### YOUR OBJECTIVE:
Omitting any pictures, transcribe the entries below exactly.
══ TASK MATERIAL
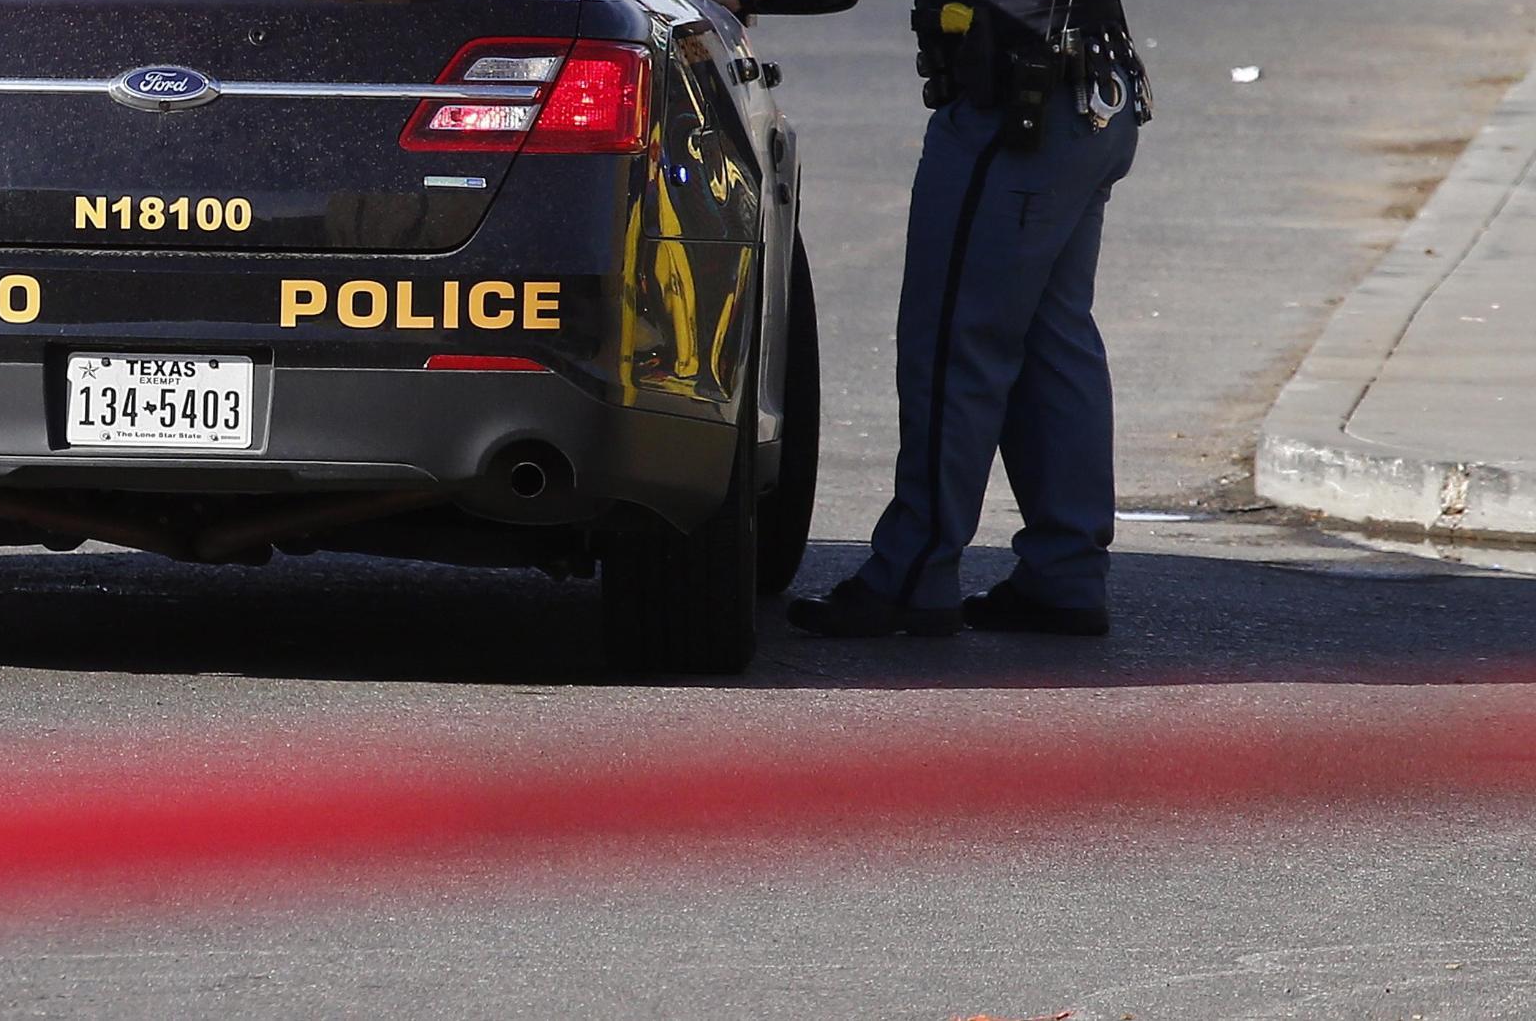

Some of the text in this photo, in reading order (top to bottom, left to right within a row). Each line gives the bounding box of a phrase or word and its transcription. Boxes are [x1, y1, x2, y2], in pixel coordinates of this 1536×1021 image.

[139, 71, 189, 92] Ford
[75, 196, 252, 232] N18100
[279, 278, 562, 331] POLICE
[126, 360, 196, 377] TEXAS
[139, 377, 182, 386] EXEMPT
[116, 430, 132, 438] The
════
### SOLUTION TO THE EXERCISE:
Some of the text in this photo, in reading order (top to bottom, left to right within a row). Each line gives the bounding box of a phrase or word and its transcription. Boxes are [x1, y1, x2, y2], in pixel coordinates of this 1536×1021 image.

[139, 71, 189, 92] Ford
[75, 196, 252, 232] N18100
[279, 278, 562, 331] POLICE
[126, 360, 196, 377] TEXAS
[139, 377, 182, 386] EXEMPT
[116, 430, 132, 438] The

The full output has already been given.